One of our categories is Best Group or Couple, and we always just give out the one trophy (the 3rd Mummy from the left). We let THEM fight over who gets to keep it. However, why not print up a dozen or so certificates - one for each single category and 8 - 10 for the group category. That way, at least ALL of the winners get a certificate.


----------



## zombiefrac (Apr 1, 2007)

Lv Scott T - thanks so much for a response! I have always admired your trophies...enjoyed your tutorial and will make a 'stab' at it this year (I have used Riheirds in the past for trophies). I like the idea of the group having to decide who keeps the trophy, haha, and will absolutely use your idea for the certificates...makes so much sense. However, I just feel I need to give outsomething more simply because I give out gift baskets to other categories. Perhaps I need to rework the entire thing. Regardless, I will utilize your suggestions and, again thanks for the help!


----------



## LawP (Dec 4, 2007)

Zombiefrac, what do you put in the gift baskets? I guess it depends upon your budget but one idea I had was to make individual gift BAGS for the group prize. Some items to include might be candy, gift cards, halloween decor (tombstone candles, rubber insects, etc.), keychains, and other inexpensive items you can buy several of. I'd check out places like Sam's for value packaged things you can break down into individual prizes - books, jams, nuts, notepads, etc.
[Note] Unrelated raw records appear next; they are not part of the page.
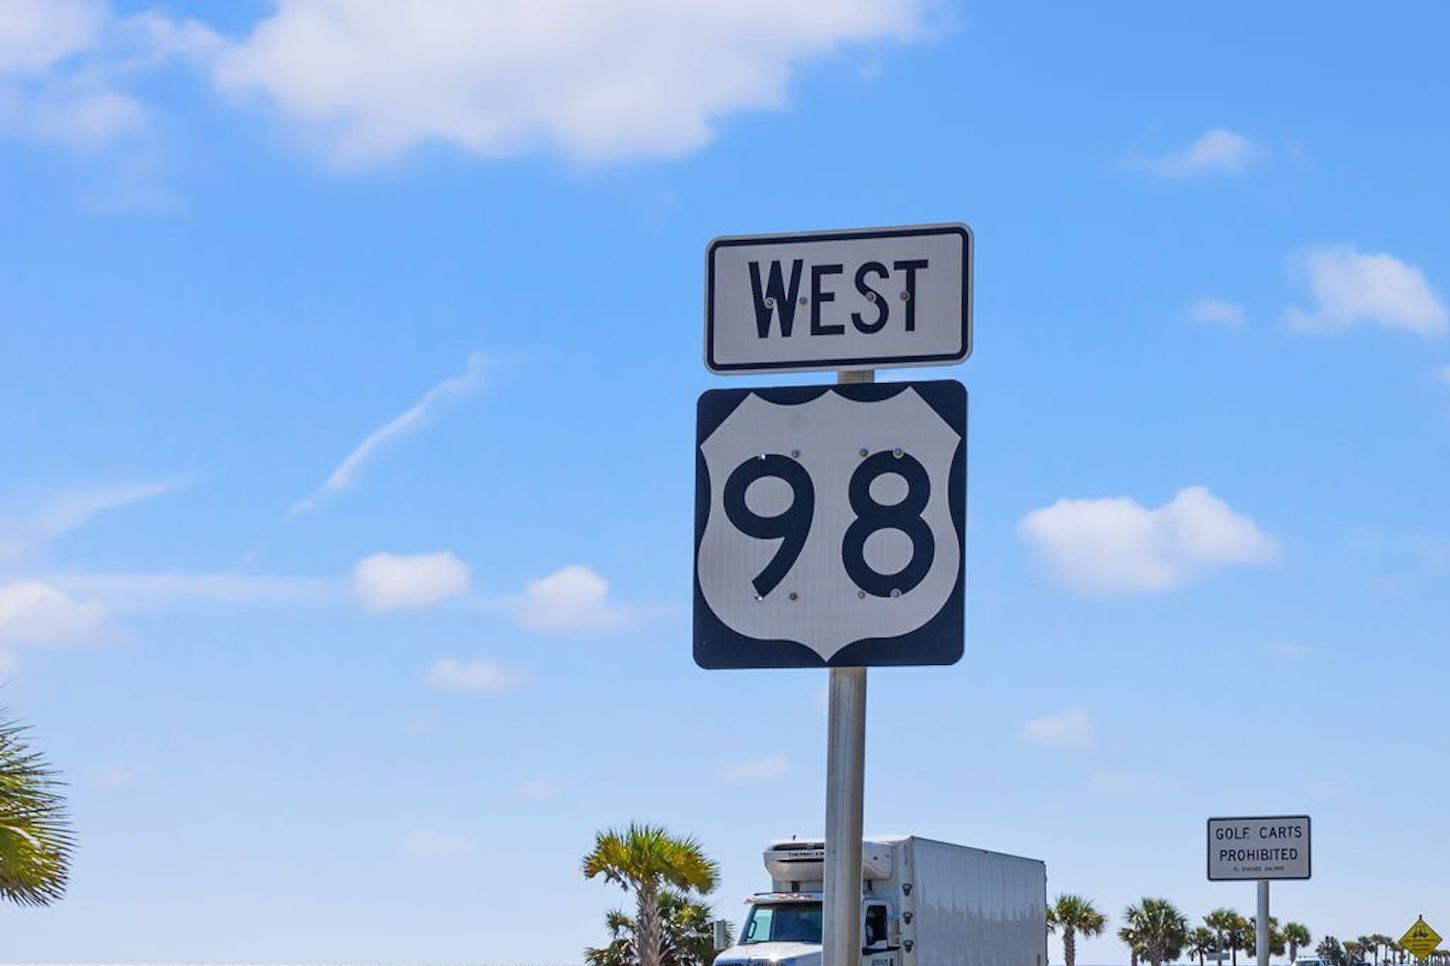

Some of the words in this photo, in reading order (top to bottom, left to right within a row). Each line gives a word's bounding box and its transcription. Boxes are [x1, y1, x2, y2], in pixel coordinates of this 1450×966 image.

[748, 259, 929, 339] WEST
[723, 450, 935, 600] 98
[1215, 827, 1250, 840] GOLF
[1259, 826, 1302, 839] CARTS
[1220, 848, 1298, 861] PROHIBITED
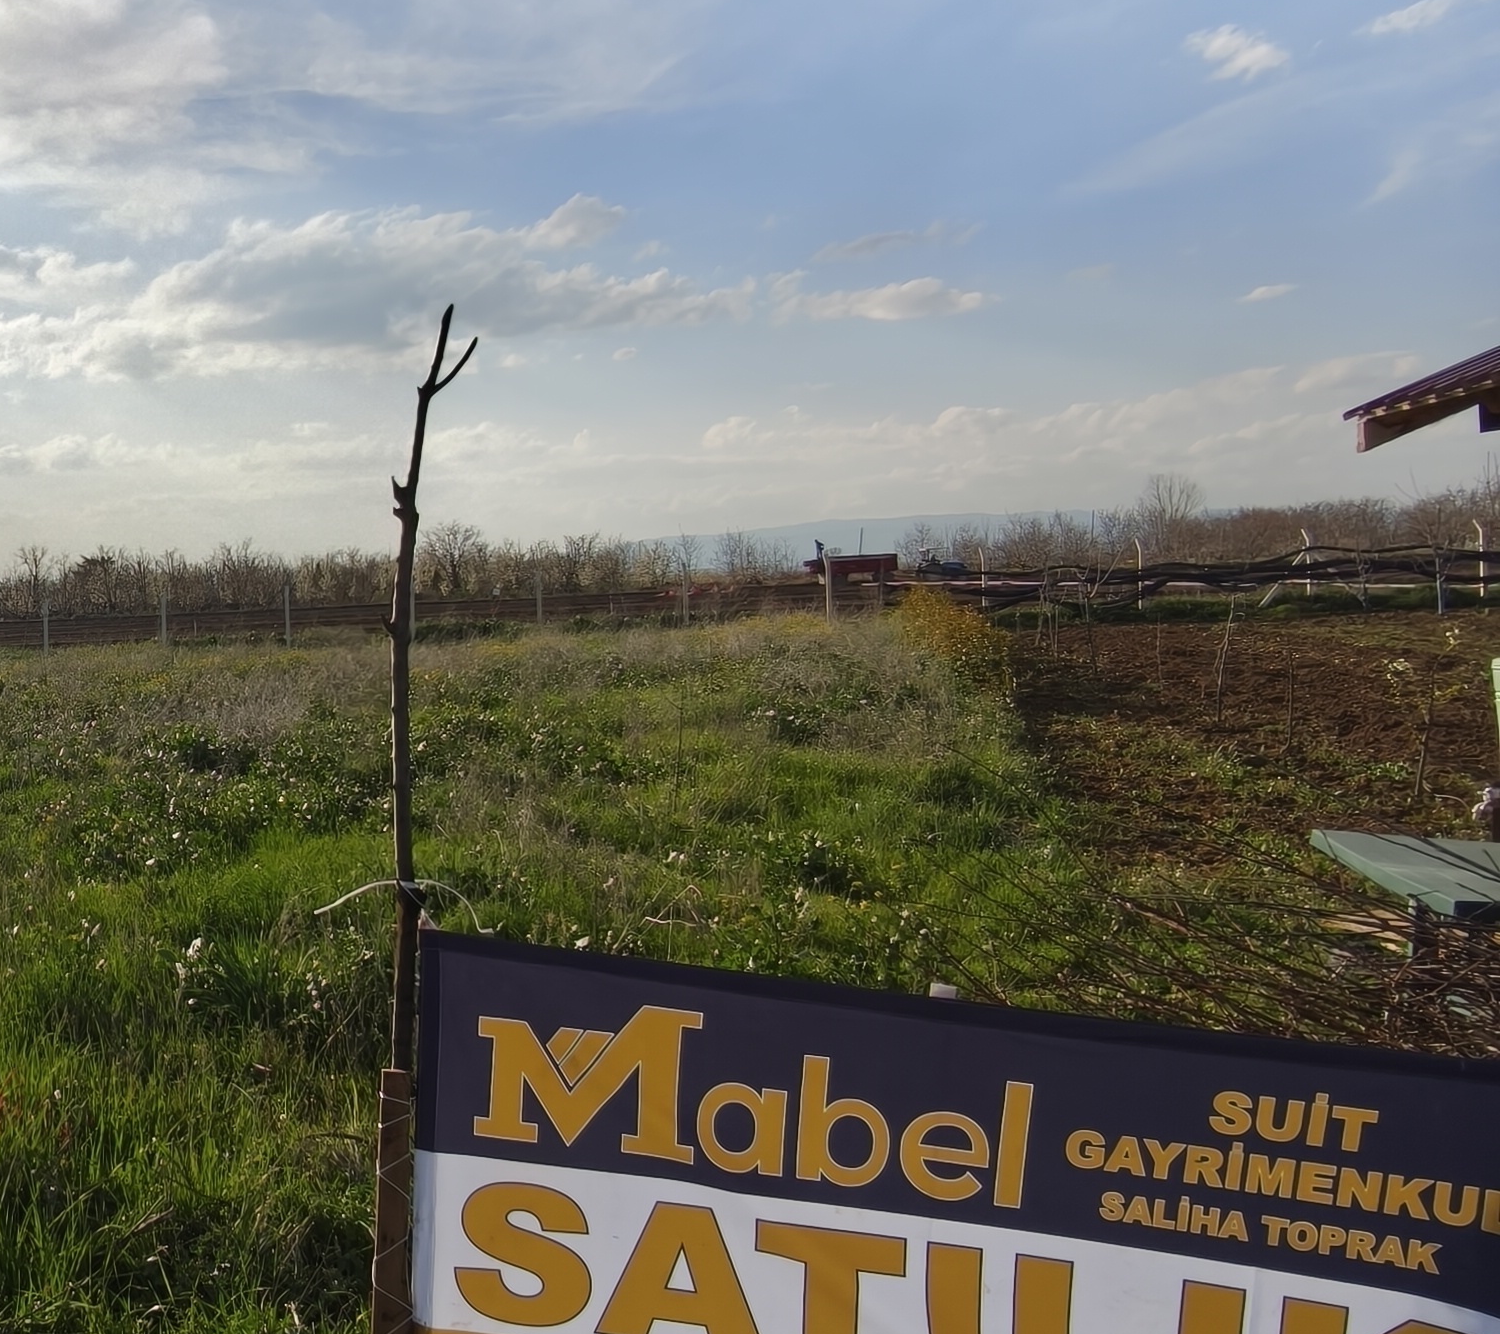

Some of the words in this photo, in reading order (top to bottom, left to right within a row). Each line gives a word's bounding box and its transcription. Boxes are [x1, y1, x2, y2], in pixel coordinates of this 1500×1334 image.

[473, 1004, 1034, 1209] Mabel
[1208, 1091, 1379, 1153] SUİT
[1099, 1191, 1249, 1242] SALİHA
[1261, 1215, 1442, 1275] TOPRAK
Hope this helps a little.


----------



## zombiefrac (Apr 1, 2007)

LawP, each gift basket is usually themed...vampire, witch, werewolf etc. and I will put a halloween wine that fits each theme (world market always has a pretty good selection) a candle from Dark Candles and some type of candy. If I find something that fits the theming at the dollar stores, for example, a black cat coffee mug for the witch theme, I will include something like that and stuff it with 'witches brew' mulling spice. I really think I could go this direction and give the group a 'basket' but in that basket will be individual gift bags like you suggested. 
Thanks for your help!


----------



## Ghost of Spookie (Sep 28, 2008)

How about some cellophane bags or halloween-themed containers with some halloween sugar cookies? Martha Stewart has had some clever ideas for packaging and I saw some interesting stuff like coffins or body bags over at Oriental Trading last year or so. The cookies wouldn't have to be expensive and sure they would be enjoyed afterwards.


----------